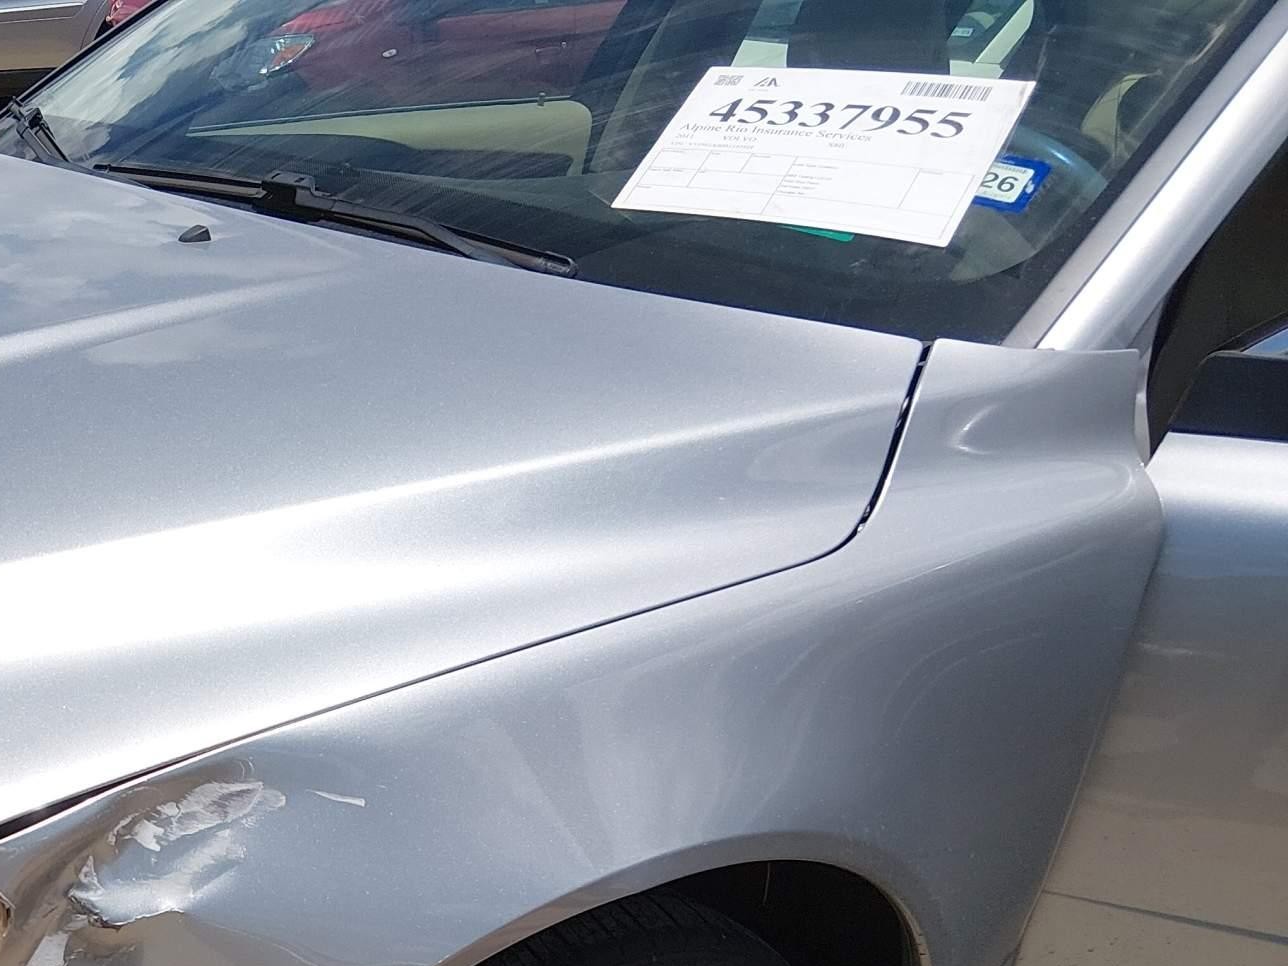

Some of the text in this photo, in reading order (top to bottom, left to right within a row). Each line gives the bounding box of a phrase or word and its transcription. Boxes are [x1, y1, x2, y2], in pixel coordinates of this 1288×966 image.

[709, 98, 973, 139] 45337955
[679, 123, 872, 142] Alpine Rio Insurance Services
[980, 171, 1019, 193] 26
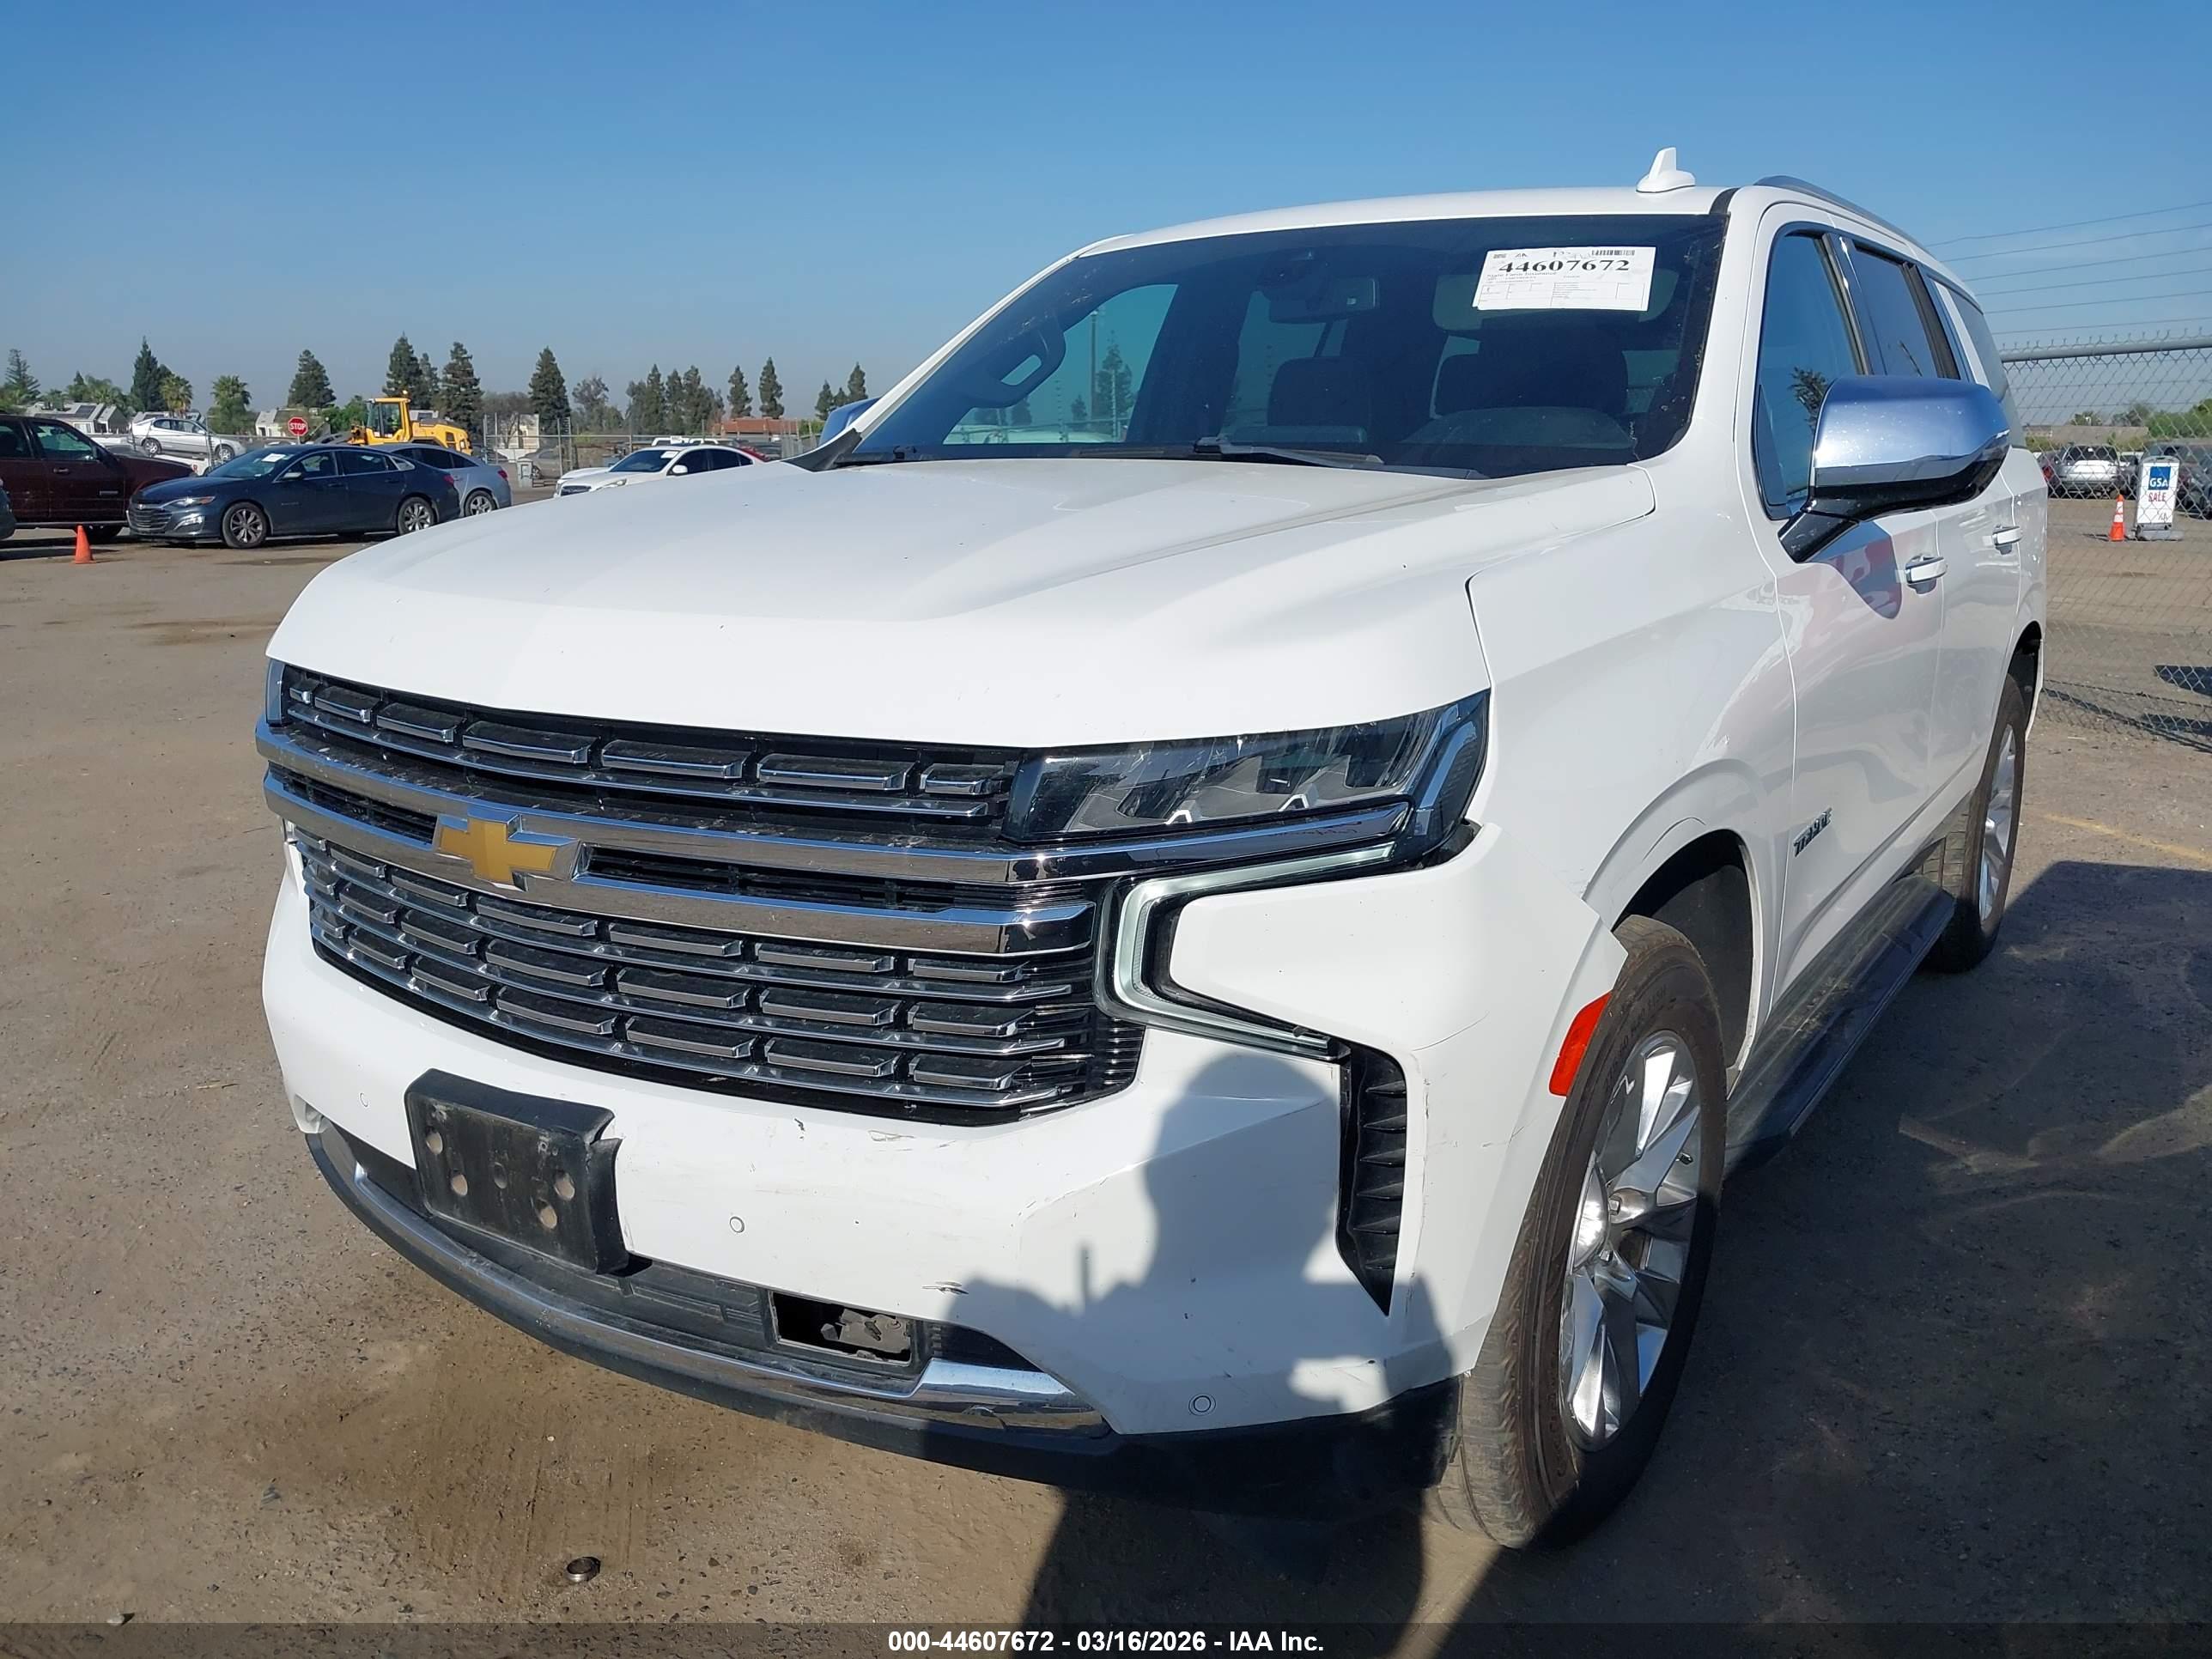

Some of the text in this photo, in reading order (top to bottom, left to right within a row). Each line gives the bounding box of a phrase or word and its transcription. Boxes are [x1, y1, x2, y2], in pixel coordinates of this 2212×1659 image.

[1498, 259, 1630, 273] 44607672
[2149, 477, 2169, 488] GSA
[2148, 492, 2166, 502] SALE
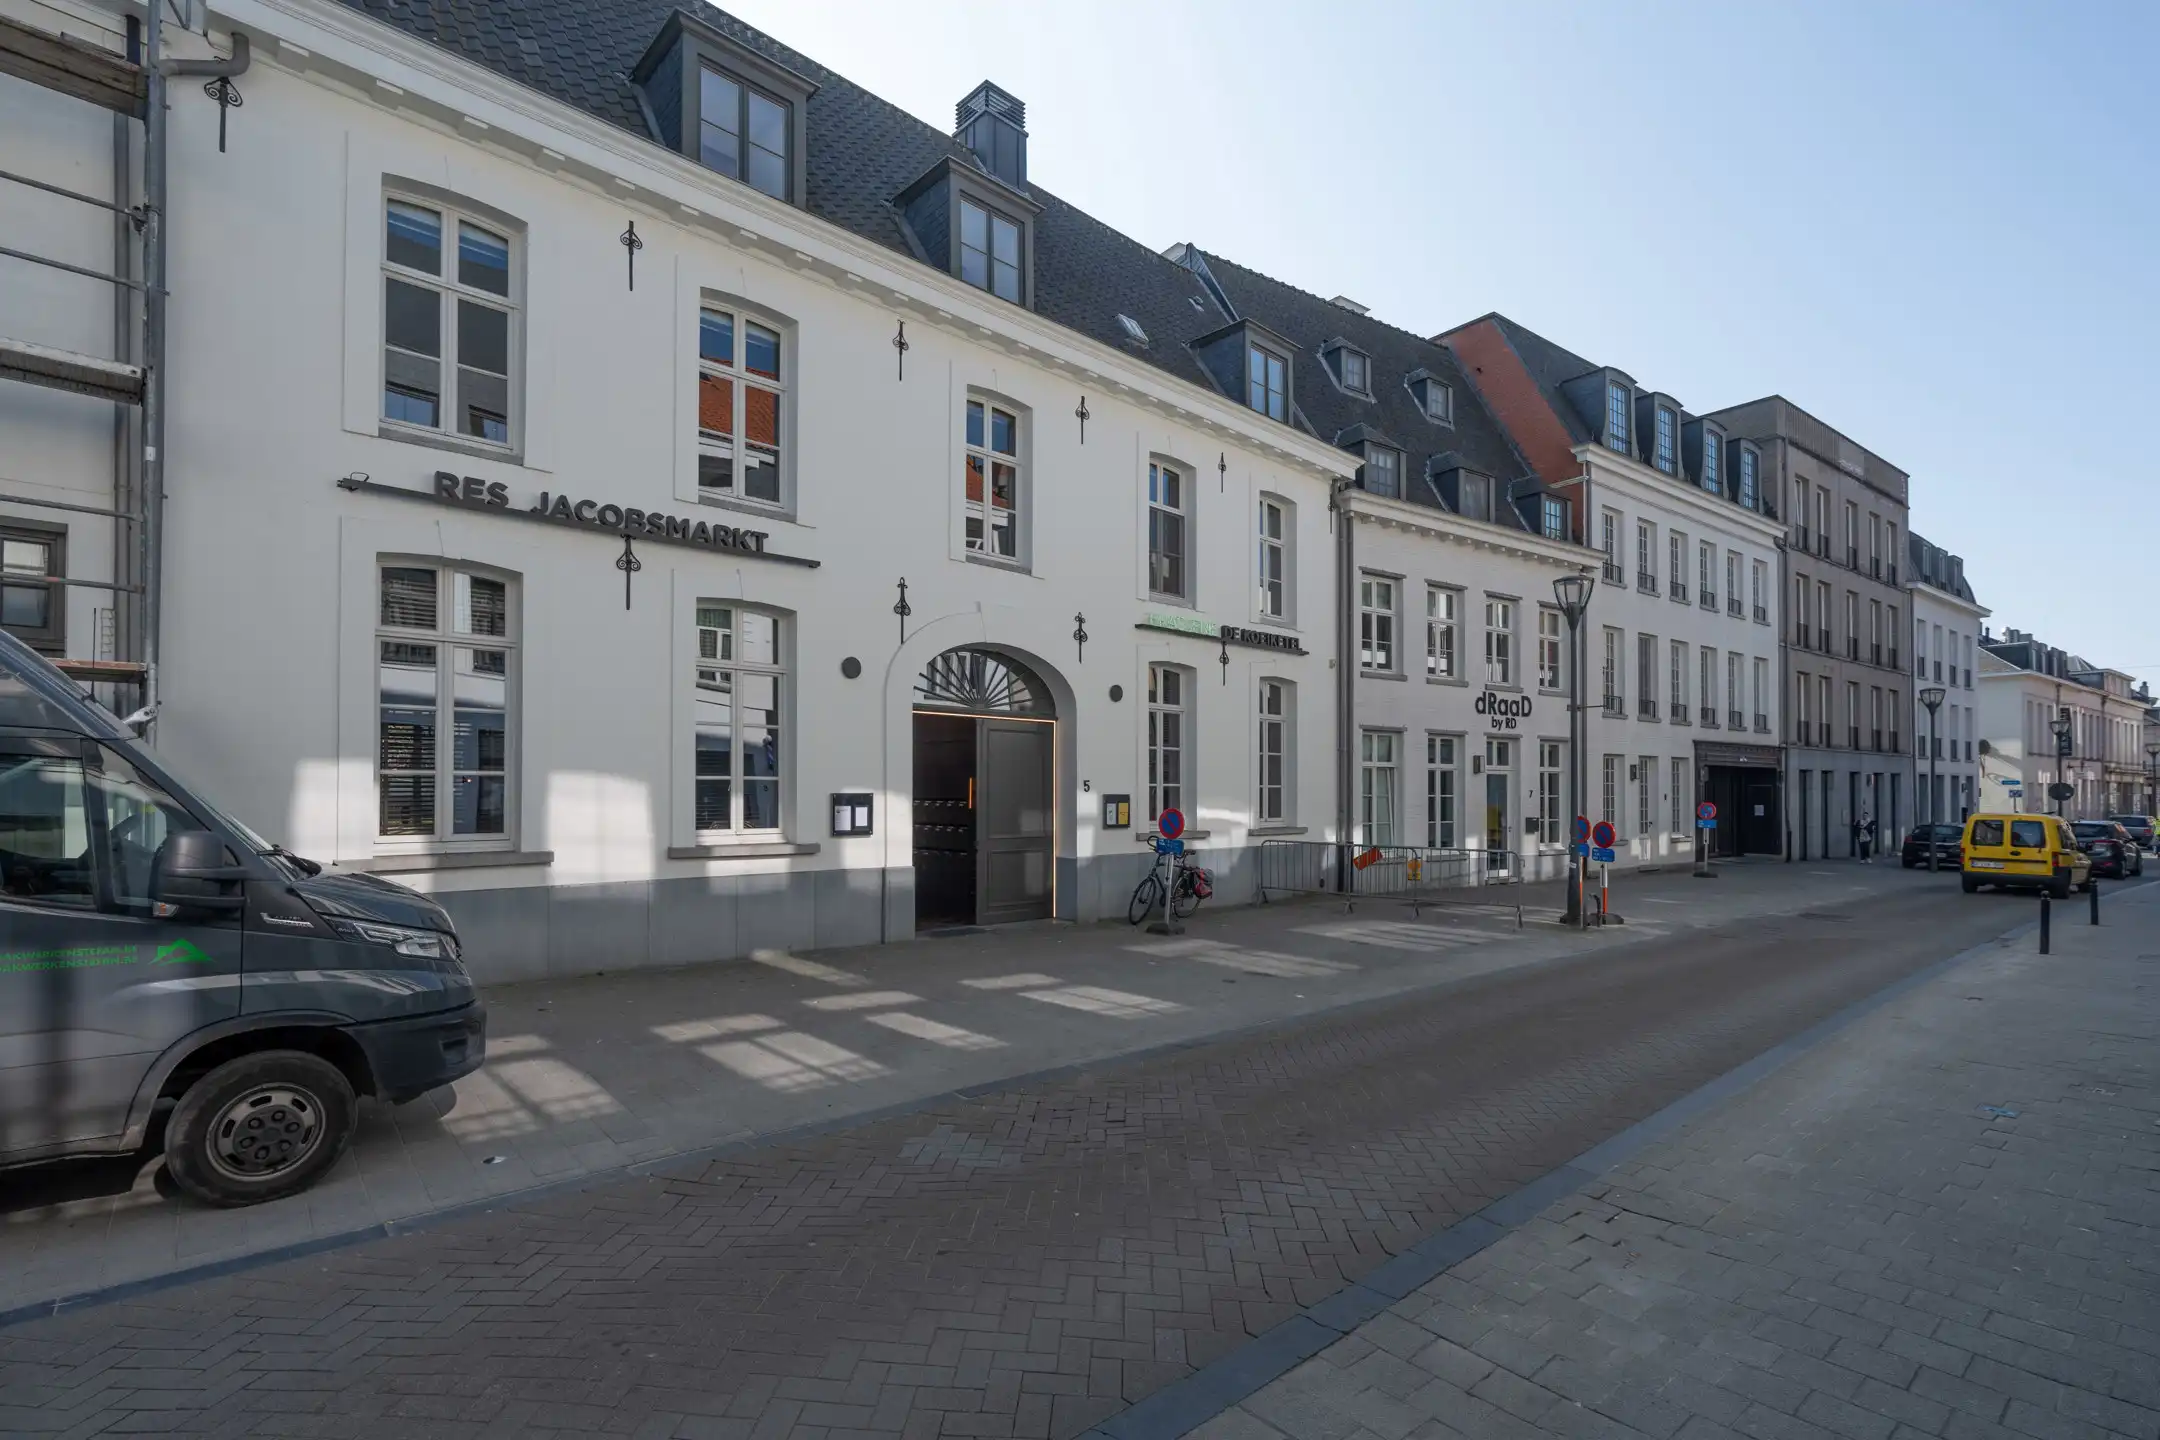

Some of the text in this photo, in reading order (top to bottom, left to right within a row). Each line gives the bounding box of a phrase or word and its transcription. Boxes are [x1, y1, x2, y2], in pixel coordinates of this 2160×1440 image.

*EXERCISE REQUIREMENTS*: Repeat each line of the material exactly, and drop any image it carries.

*ANSWER TO THE EXERCISE*:
Some of the text in this photo, in reading order (top to bottom, left to right within a row). Each line gives the bounding box of a phrase or word and its transcription. Boxes are [x1, y1, x2, y2], in pixel coordinates of this 1288×966 image.

[709, 98, 973, 139] 45337955
[679, 123, 872, 142] Alpine Rio Insurance Services
[980, 171, 1019, 193] 26

Some of the text in this photo, in reading order (top to bottom, left to right within a row). Each line gives the bounding box of a phrase or word and its transcription. Boxes are [x1, y1, x2, y2], in pixel coordinates of this 2212×1659 image.

[1498, 259, 1630, 273] 44607672
[2149, 477, 2169, 488] GSA
[2148, 492, 2166, 502] SALE

Some of the text in this photo, in reading order (top to bottom, left to right within a row). Each line gives the bounding box of a phrase or word and its transcription. Boxes are [x1, y1, x2, y2], in pixel coordinates of this 2160×1440 image.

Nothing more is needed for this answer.